One of the things that it is going to take for us to overcome our little trouble -- if we can borrow a line from Bob Marley -- is for us to become conscious. Carter G. Woodson, the father of Black History Month referred to it as “radical”. Regardless of what you called it, being conscious of who we are and who you are, is one of the things that is required if we are to be a whole people again.

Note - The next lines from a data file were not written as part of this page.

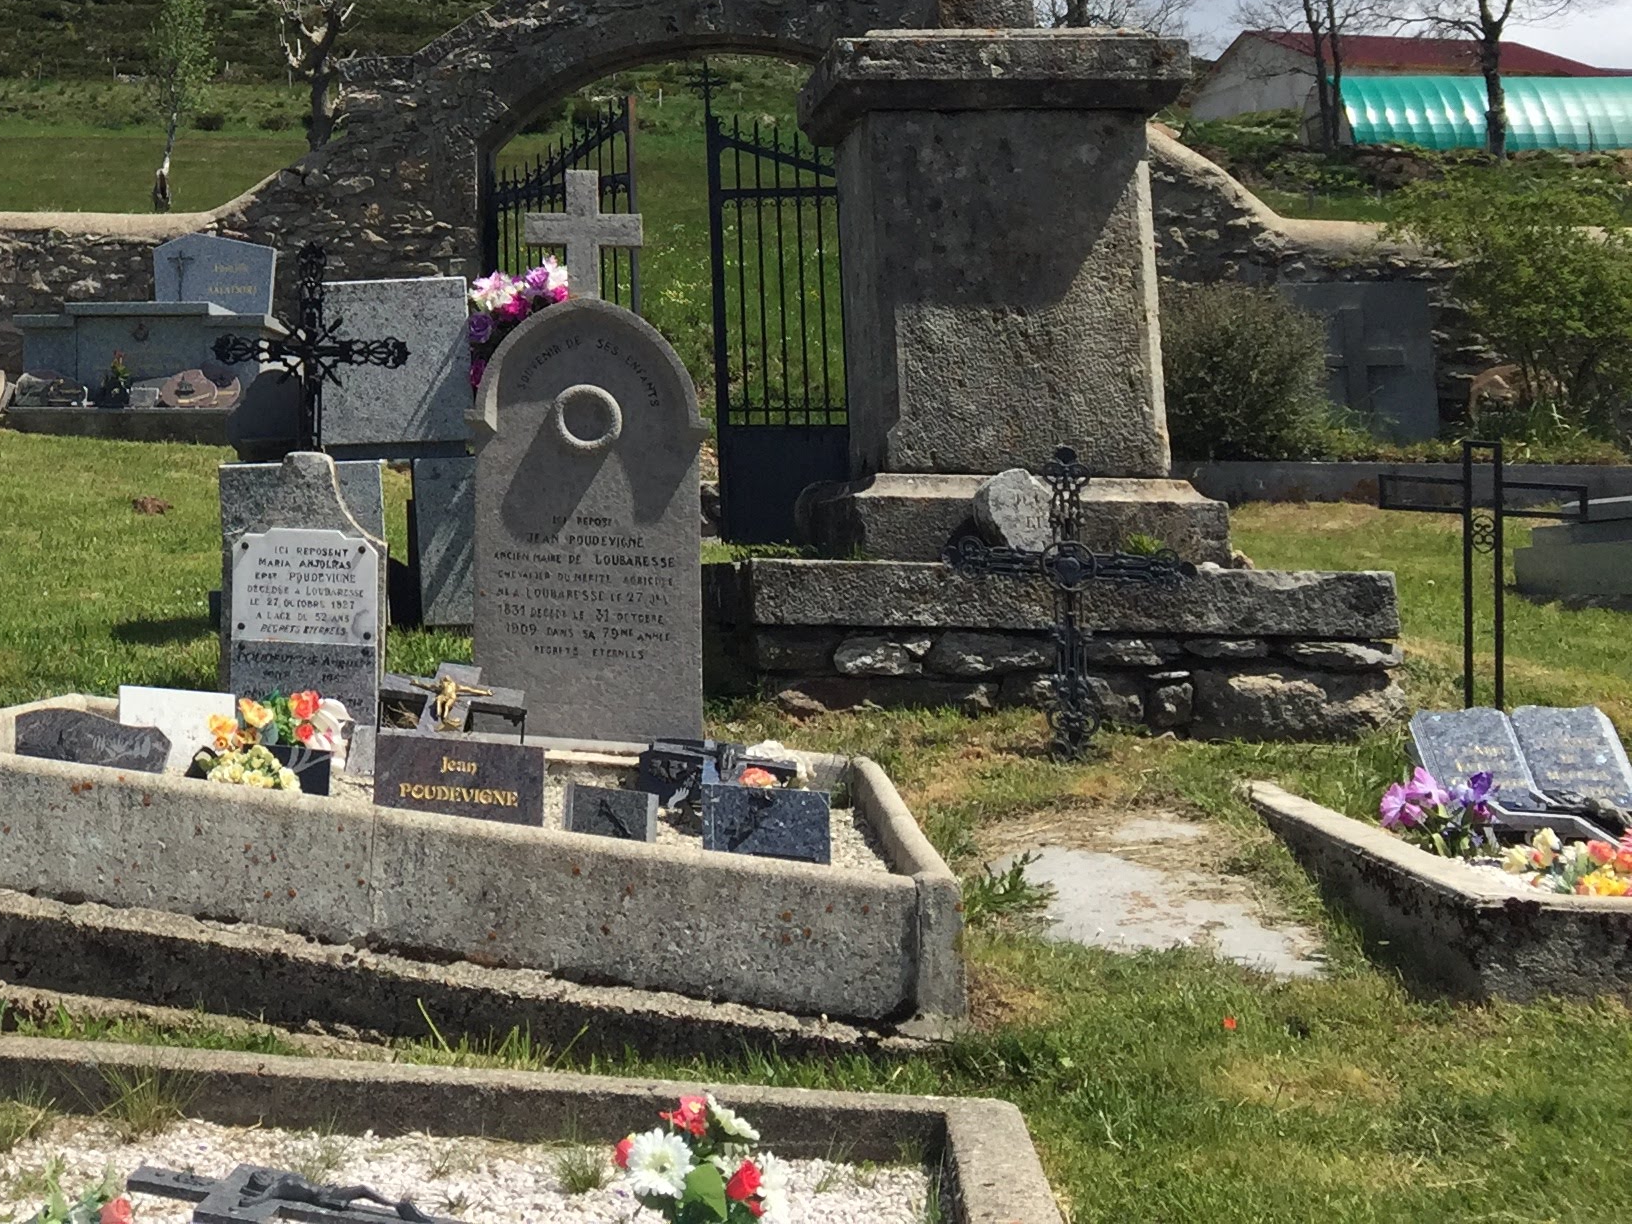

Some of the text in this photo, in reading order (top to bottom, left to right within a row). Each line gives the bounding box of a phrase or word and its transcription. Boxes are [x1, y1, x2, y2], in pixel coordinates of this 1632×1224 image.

[565, 335, 582, 350] DE
[596, 338, 618, 356] SES
[624, 355, 661, 408] ENFANTS
[526, 532, 645, 548] JEAN POUDEVIGNE
[296, 546, 349, 557] REPOSENT
[258, 557, 291, 568] MARIA
[533, 553, 562, 564] MAIRE
[568, 554, 582, 565] DE
[595, 554, 676, 568] LOUBARESSE
[288, 572, 356, 584] POUDEVIGNE
[267, 597, 279, 606] 27
[526, 588, 606, 602] LOUBARESSE
[626, 592, 644, 603] 27
[315, 612, 327, 622] 52
[573, 610, 585, 621] LE
[595, 608, 610, 622] 31
[506, 622, 538, 636] 1909
[582, 628, 596, 640] SA
[440, 756, 478, 775] Jean
[399, 782, 518, 807] POUDEVIGNE
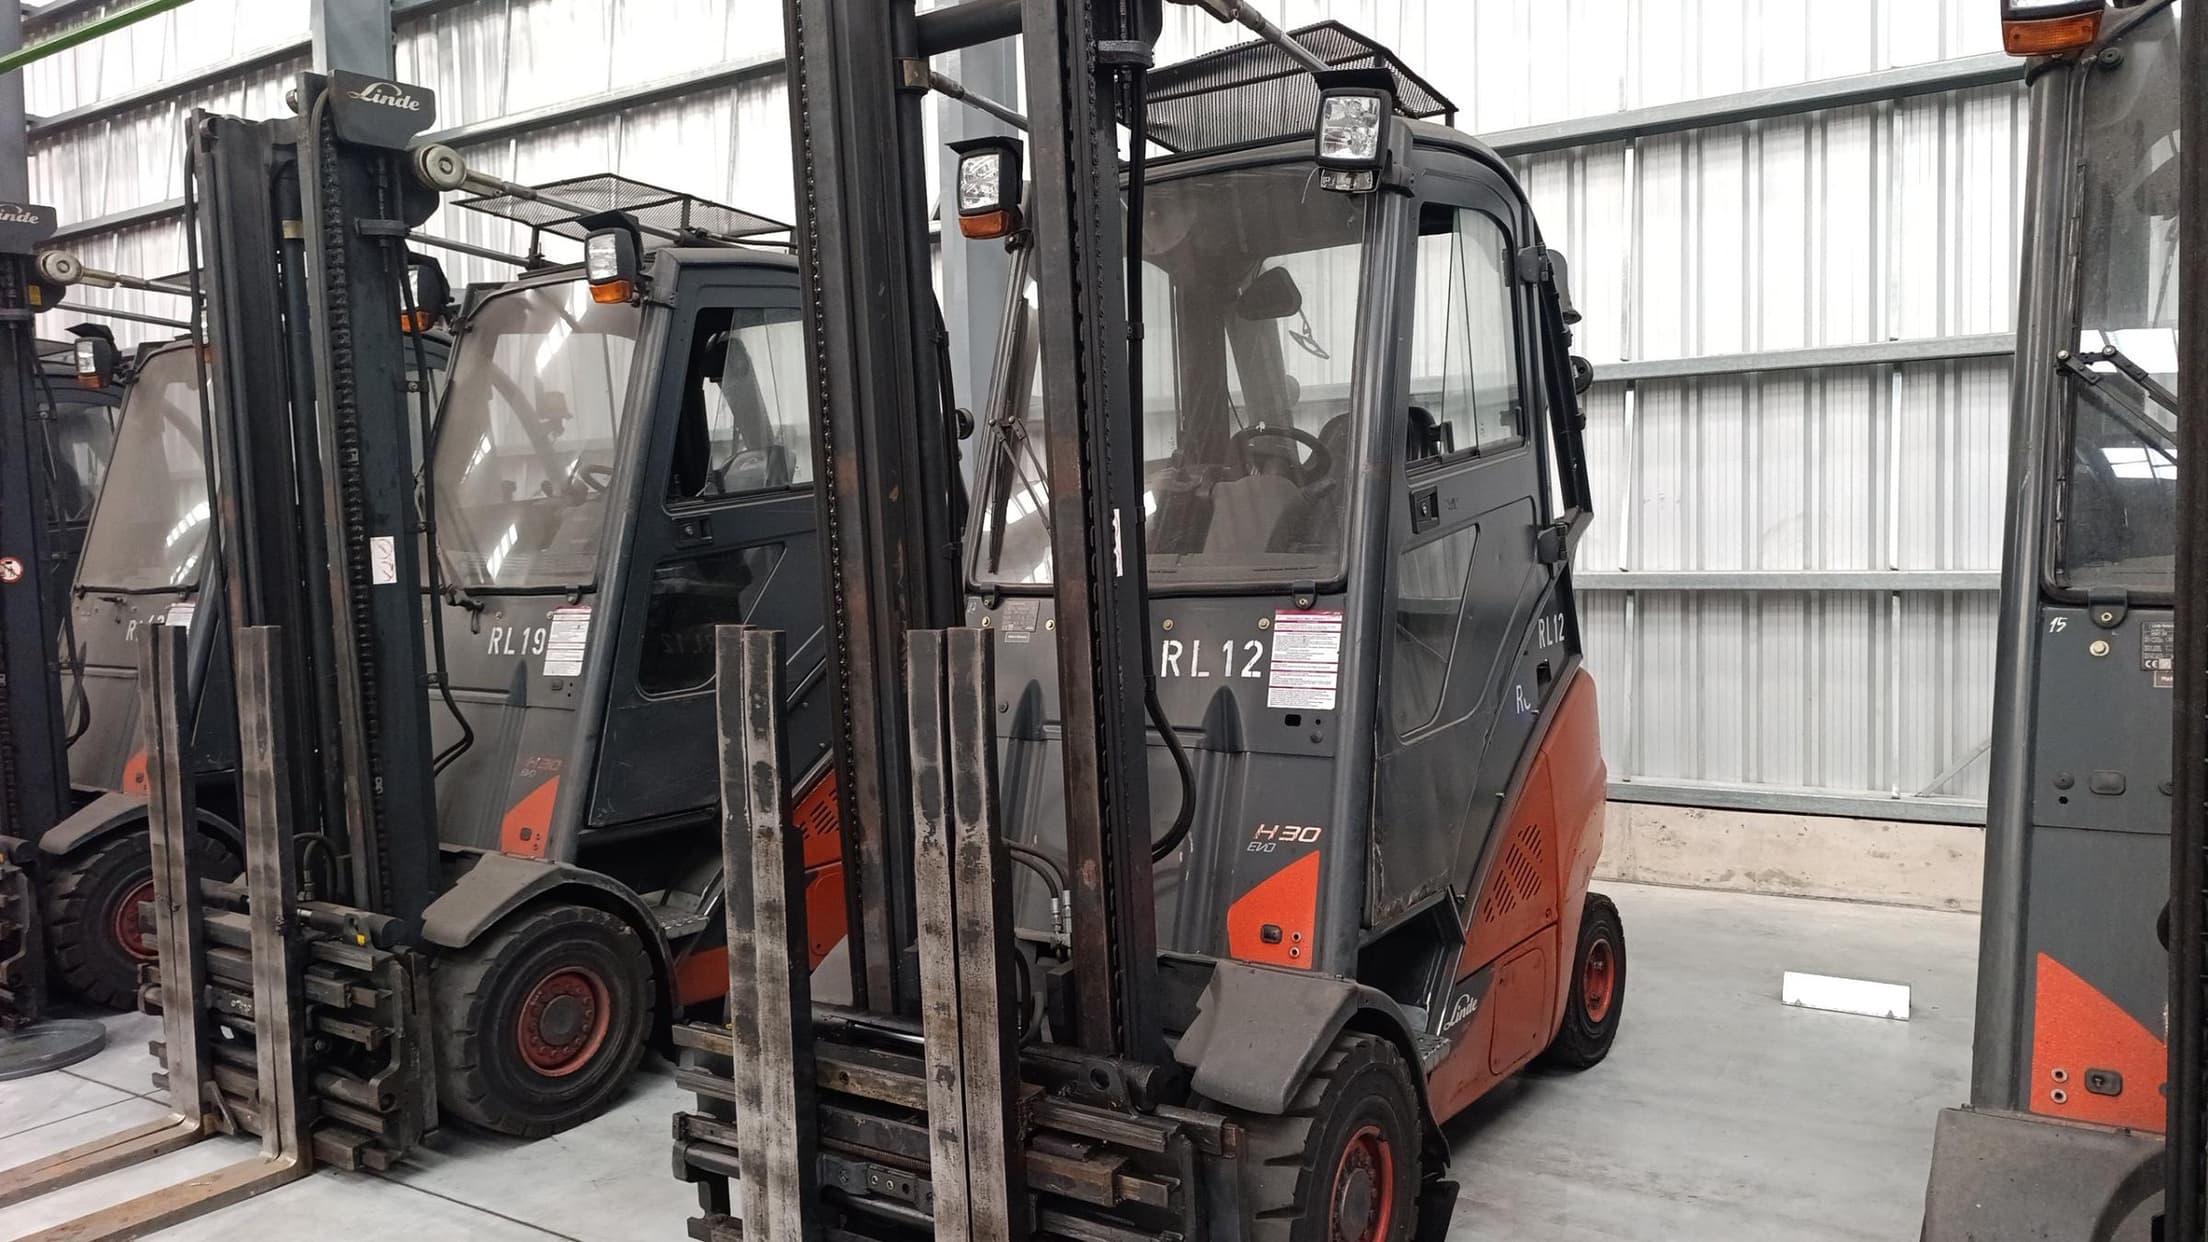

Elijah Muhammad and Malcolm X knew that their followers needed to be woken up and they had a good idea. Replace the follower’s name with an X. An X is not the way to go, it does not connect us to who we are but they were right. The single best, if not the only, way to become a conscious person is to change your name. Change your name to an African name and over night you would become a conscious person and well on your way to be the type of “radical negro” that the father of Black History Month called on us to be, the type of “radicalism that comes from within”. How would choosing an African name, as opposed to an Arab or European one, make you a conscious person? First you would have to break through your own self-oppression. You will have to kill off the old name, let’s say Marvin Christion for example, before you could become a conscious Ngunda Nmeregini. Think about how often someone calls you by your name and you do not respond? You respond to that sound even when you are not the one being called. Think of the titles attached to that sound, son Marvin, uncle Marvin, father Marvin, the list goes on and they all add up to human being. The reason why Kunta Kinte had to become Toby is not because it was easier for his oppressor to call him Toby. When they turn a Kunta into a Toby, they turn a free human being into a slave. That act turns a human being into a thing that could be owned by other humans. All of the titles attached to the sound of your name make you a human being but when the name itself was given to make you a slave, then it too has to be overcome. If you can kill off your self-oppression, if you can kill off Marvin and become Ngunda and respond only when you hear that sound; then you have become a conscious person.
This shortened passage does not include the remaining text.